Interference Estoppel

By Dr. Rao Vepachedu[i]

If a party loses on an issue, it may not re-litigate the issue before the examiner or in a subsequent Board of Patent Appeals and Interferences (Board) proceeding. The time for the party to make all pertinent arguments is during the interference, unless the Board expressly prevented the party from litigating the issue during the interference[ii].

There are two main types of interference estoppel.
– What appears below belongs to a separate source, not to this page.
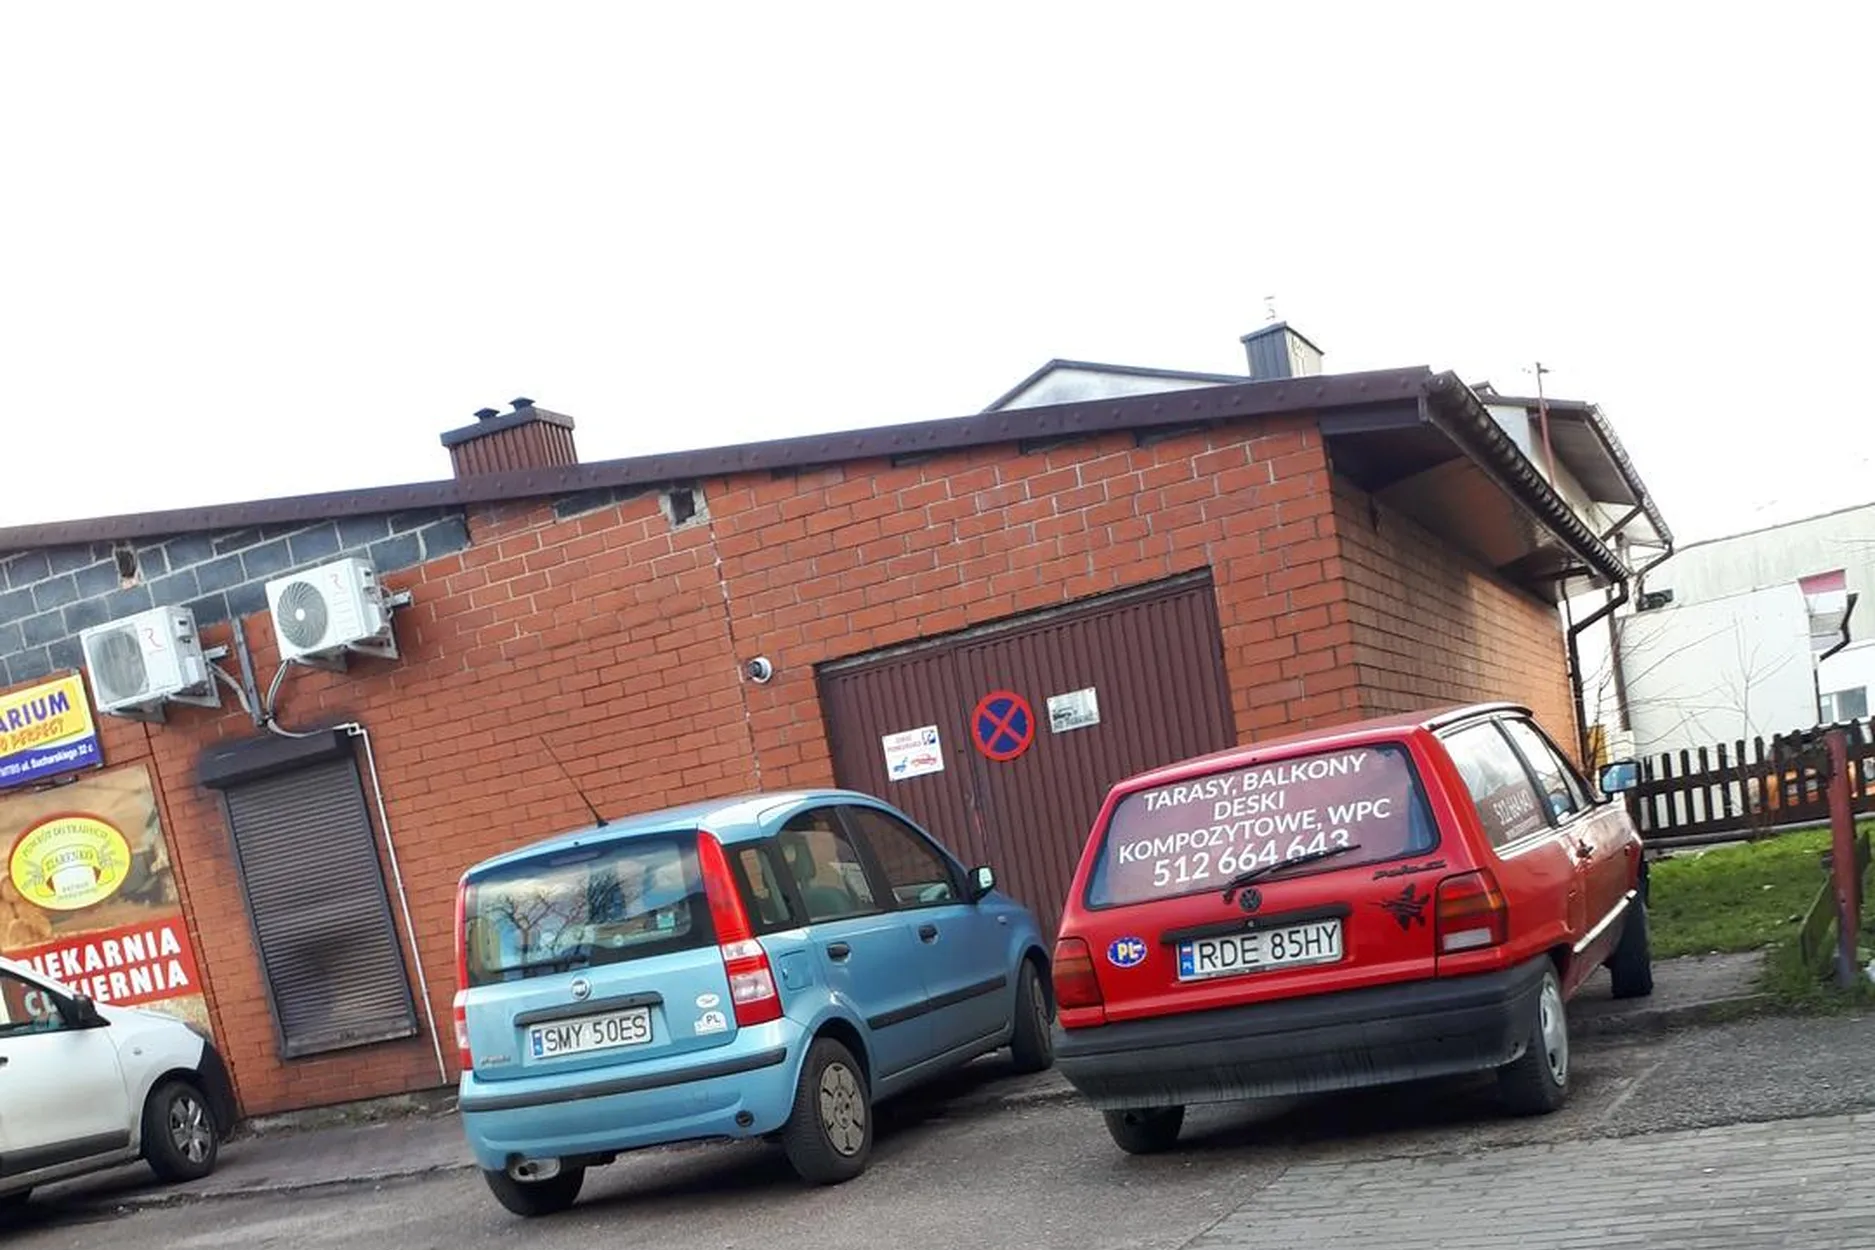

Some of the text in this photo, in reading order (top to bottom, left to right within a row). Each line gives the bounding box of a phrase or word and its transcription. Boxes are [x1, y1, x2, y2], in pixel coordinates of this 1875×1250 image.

First, a losing party is barred on the merits from seeking a claim that would have been anticipated or rendered obvious by the subject matter of the lost count[iii]. Second, a losing party is procedurally barred from seeking from the examiner relief that could have been–but was not–sought in the interference[iv]. Reissue applicant estopped to claim compound when patentability of that compound could have been put in issue in interference where opponent’s application also described compound[v].

Interference estoppel “by judgment” applies where “a losing party in a previous interference between the same parties” tries to patent a claim “not patentably distinct from the counts in issue in that [prior] interference[vi]. Losing priority judgment in an interference proceeding bars the loser from obtaining a patent containing claims that are patentably indistinguishable from the claims corresponding to the lost count[vii].

Unsuccessful efforts to add a count do not prevent estoppel by judgment. Where the prior judgment between the same parties is not strictly res judicata[viii] because it resolves a different and distinct issue [e.g., a patentably distinct count], that judgment may nonetheless create an estoppel as to matters actually in issue or points controverted[ix].
 


[i] www.linkedin.com/in/vepachedu[ii] Estoppel Within the Office, MPEP 2308.03

[iii] In re Deckler, 977 F.2d 1449, 24 USPQ2d 1448 (Fed. Cir. 1992); Ex parte Tytgat, 225 USPQ 907 (Bd. Pat. App. & Inter. 1985)

[iv] 37 CFR 41.127(a)(1)

[v] Ex parte Kimura, 55 USPQ2d 1537 (Bd. Pat. App. & Inter. 2000)

[vi] Woods v. Tsuchiya, 754 F.2d 1571, 1579 (Fed. Cir. 1985)

[vii] MPEP § 2308.03 (9th ed. March 2014)

[viii] Res judicata is literally “a matter judged”. Res judicata is the principle that a matter may not, generally, be relitigated once it has been judged on the merits.

Res judicata encompasses limits on both the claims and the issues that may be raised in subsequent proceedings:

Claim preclusion is the principle once a cause of action has been litigated, it may not be relitigated.

Bar: A losing plaintiff is barred from re-suing a winning defendant on the same cause of action. (Scenario: Plaintiff P unsuccessfully sues Defendant D on Cause of action C. P may not try for better luck by initiating a new lawsuit against D on C.)

Merger: A winning plaintiff may not re-sue a losing defendant. (Scenario: P successfully sues D on C. P may not again sue D on C to try to recover more damages.)

Issue preclusion (Collateral estoppel): Once an issue of fact has been determined in a proceeding between two parties, the parties may not relitigate that issue even in a proceeding on a different cause of action. (Scenario: P sues D on C. P sues D on C1. Element E, which was determined in the first trial, is common to C and C1. At the second trial, P and D cannot attempt to get a different disposition of E.)